Migliorare la performance delle email con l’A/B testing

Secondo WhichTestWon.com della giornalista americana Anne Holland, i test A/B sui contenuti delle email possono mediamente consentire un incremento dei lead del 40% e, per l’e-commerce, un incremento delle vendite del 20-25%.

Al di là di questi numeri, riferiti peraltro al mercato americano, testare in contemporanea diverse soluzioni di comunicazione sulle proprie liste può realmente permettere di migliorare l’efficacia del proprio messaggio, oltre a consentire di ottenere informazioni utilissime alla segmentazione dei propri utenti/clienti (su quest’ultimo punto v. anche come la piattaforma Kiwari direct! utilizza i “profili osservati”).

Che cosa può essere utile testare in una comunicazione via email?

  1. L’Oggetto – E’ naturalmente uno dei più importanti elementi dell’email, quello che l’utente vede per primo (dopo il mittente…). In questo caso, può essere utile testare un oggetto breve e sintetico rispetto ad uno più lungo ed esaustivo; oppure includere un senso di “urgenza” (es. subito, ora, presto, solo oggi…) rispetto a un messaggio più neutro; oppure ancora invitare ad un’azione (Acquista, sottoscrivi, prova…) rispetto alla semplice enunciazione del contenuto principale; oppure, infine, utilizzare espressioni diverse per enunciare il medesimo concetto (es. “Newsletter di Marzo” vs. “Le novità di Marzo”)
  2.  I testi e i colori dei pulsanti – Si sa che i pulsanti “call to action” sono molto efficaci e possono aumentare drasticamente il CTR. Modificarne testo e colore potrebbe incrementarne ulteriormente l’efficacia. Con il test A/B si può dunque verificare la differenza d’impatto che possono avere combinazioni alternative di colore/testo, p.es. “Compra ora”, “Risparmia 20%”, “Aggiungi al carrello”
  3. I contenuti – Il messaggio principale della email, che sia una DEM o una newsletter, è quello che cattura la maggior attenzione, la quale, peraltro, tende diminuire dopo i 140 caratteri. I tipi di A/B test che possono essere sperimentati in questo caso possono variare molto. Si può per esempio testare la posizione del messaggio principale nel layout; l’utilizzo di un carattere (stile e/o dimensione) rispetto ad un altro; due versioni alternative del testo stesso; oppure, al contrario, due messaggi completamente diversi; l’utilizzo, nel layout, di un testo con una foto come sfondo rispetto alla pubblicazione del testo con la medesima foto a fianco.
  4. Il tipo di offerta – Il riferimento è soprattutto a chi, con una DEM o una newsletter, sta promuovendo un’offerta economica per un servizio o un prodotto. Può aver senso un test A/B per verificare, su un campione ristretto, l’impatto di un tipo di offerta rispetto ad un altro: uno sconto in % rispetto all’equivalente in denaro, un articolo in più in omaggio rispetto a uno sconto, due diversi periodi di validità dell’offerta (sconto valido per 2 giorni vs valido per 1 settimana). In altri casi, può essere interessante inviare allo stesso target due offerte completamente diverse per valutarne la rispondenza rispetto al tipo di prodotto o servizio.
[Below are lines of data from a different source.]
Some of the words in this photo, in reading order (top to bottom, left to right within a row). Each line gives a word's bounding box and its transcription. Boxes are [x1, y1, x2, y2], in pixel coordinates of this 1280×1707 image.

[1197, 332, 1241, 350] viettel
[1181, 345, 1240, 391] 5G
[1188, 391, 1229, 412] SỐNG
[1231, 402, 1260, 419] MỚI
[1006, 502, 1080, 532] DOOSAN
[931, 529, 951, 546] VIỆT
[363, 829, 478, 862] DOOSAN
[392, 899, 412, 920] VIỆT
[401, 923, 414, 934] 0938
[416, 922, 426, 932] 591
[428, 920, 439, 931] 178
Come condurre un test A/B?

Tipicamente, è consigliabile selezionare un campione all’interno della propria lista (o delle proprie liste), il più possibile rappresentativo dell’intera lista. Il campione va poi suddiviso in due sotto-liste omogenee (split) a cui spedire le due varianti di email che si vogliono testare.
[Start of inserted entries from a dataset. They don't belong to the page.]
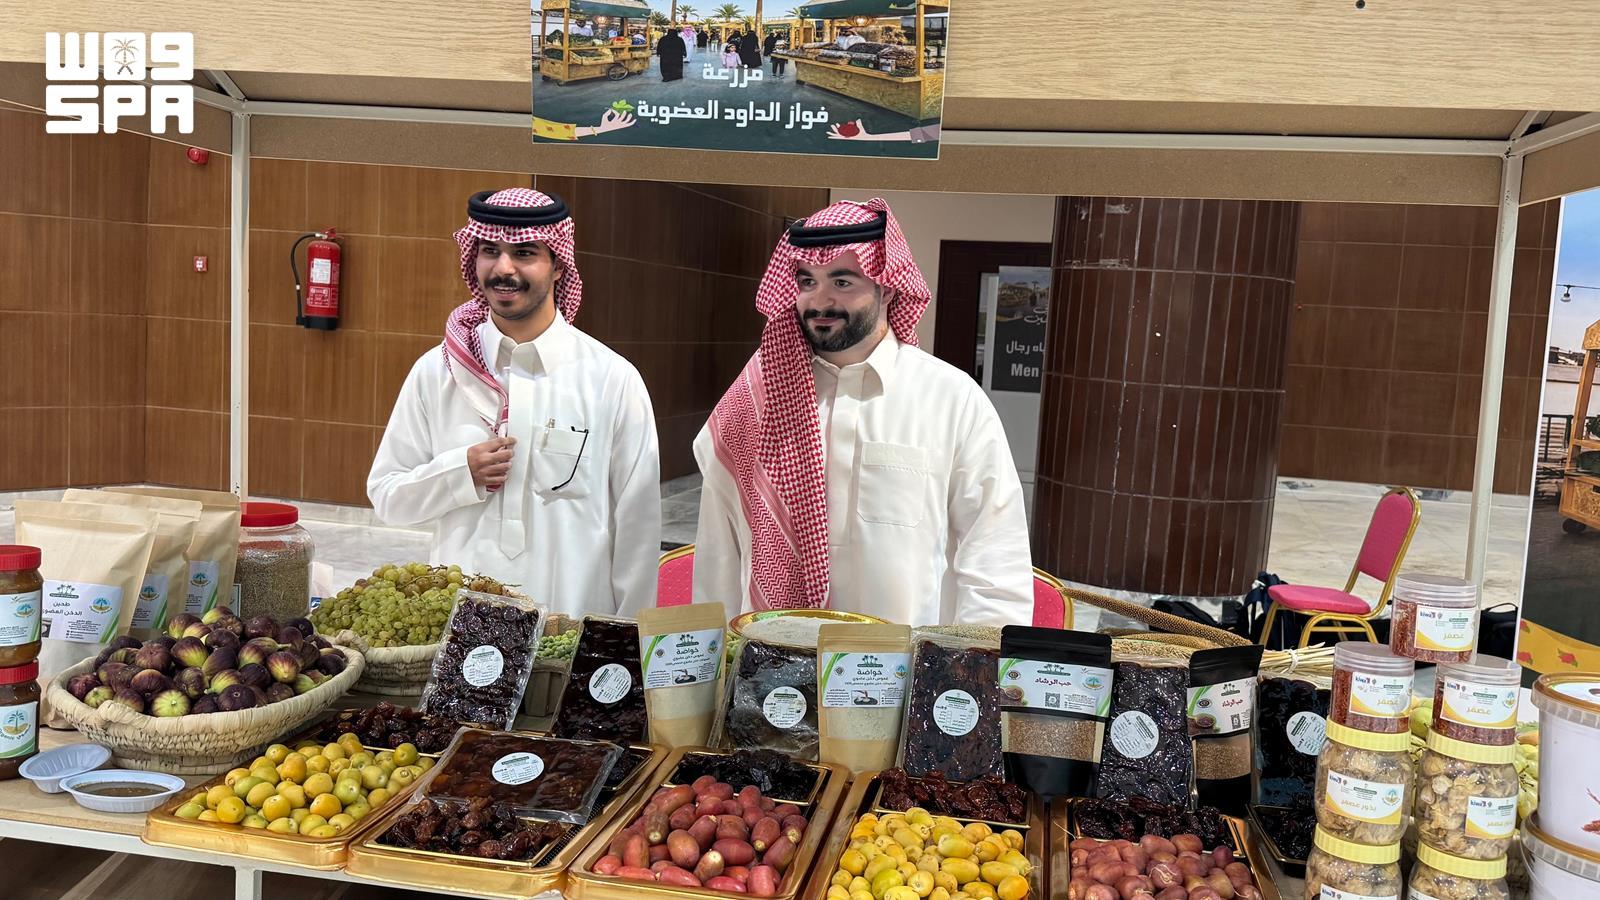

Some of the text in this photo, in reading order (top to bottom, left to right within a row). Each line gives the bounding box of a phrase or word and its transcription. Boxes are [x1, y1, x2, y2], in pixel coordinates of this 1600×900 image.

[702, 63, 764, 88] مزرعة
[637, 99, 829, 130] فواز الداود العضوية
[1006, 340, 1030, 355] رجال
[1010, 363, 1040, 377] Men
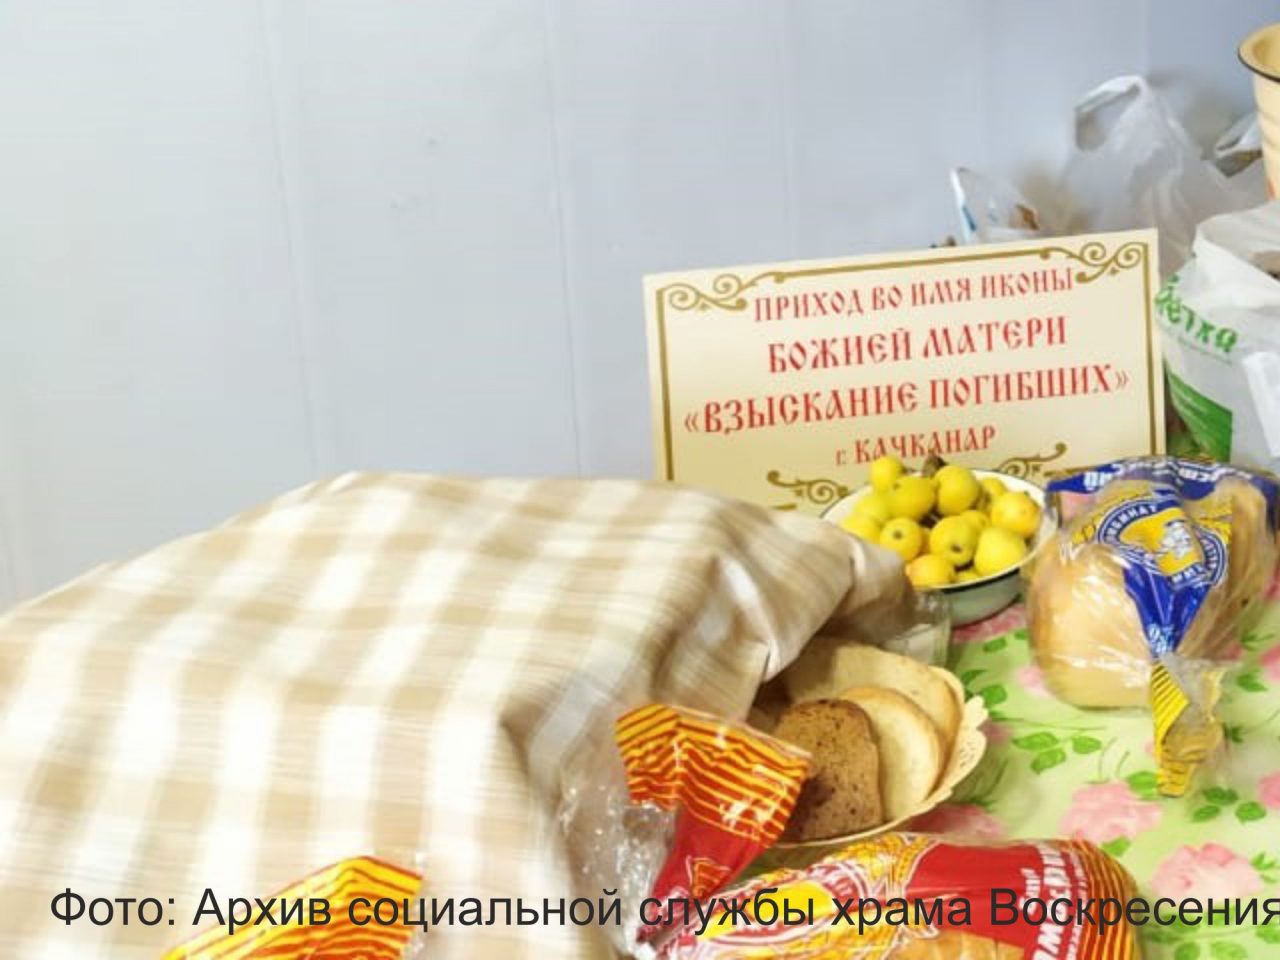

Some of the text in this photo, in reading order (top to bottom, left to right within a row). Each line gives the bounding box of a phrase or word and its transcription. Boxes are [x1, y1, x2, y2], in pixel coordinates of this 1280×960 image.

[755, 268, 1074, 322] ПРИХОД ВО ИМЯ ИКОНЫ
[768, 316, 1067, 375] БОЖИЕЙ МАТЕРИ
[685, 362, 1130, 435] «ВЗЫСКАНИЕ ПОГИБШИХ»
[854, 425, 997, 465] КАЧКАНАР
Alternativamente, può essere utile effettuare test su un target specifico, definito in base a specifici attributi anagrafici o comportamentali, p.es. in base alla fascia d’età oppure al fatto che l’utente sia un lead o un acquirente.

Infine, si può anche decidere di effettuare il test su tutta la propria lista. Ciò è utile se il test è volto a verificare uno standard da adottare poi in tutti i successivi invii.

Affinché il test sia rappresentativo, è opportuno che l’invio alle due sotto-liste sia contemporaneo e che non sia troppo a ridosso di un altro invio precedente o successivo. Per evitare quest’ultimo rischio, taluni consigliano di effettuare il test durante il week-end, ma questo rischierebbe di rendere i risultati non attendibili rispetto alle normali condizioni di invio della newsletter.

Gli indicatori da confrontare dopo l’invio sono, naturalmente, il tasso di apertura e il CTR. Ma, se la email includeva una call to action, è altrettanto utile confrontare anche il tasso di conversione.

Inoltre, può essere utile associare al profilo dei propri utenti il comportamento rilevato durante il test, ottenendo così un attributo ulteriore in base al quale segmentare la base utenti.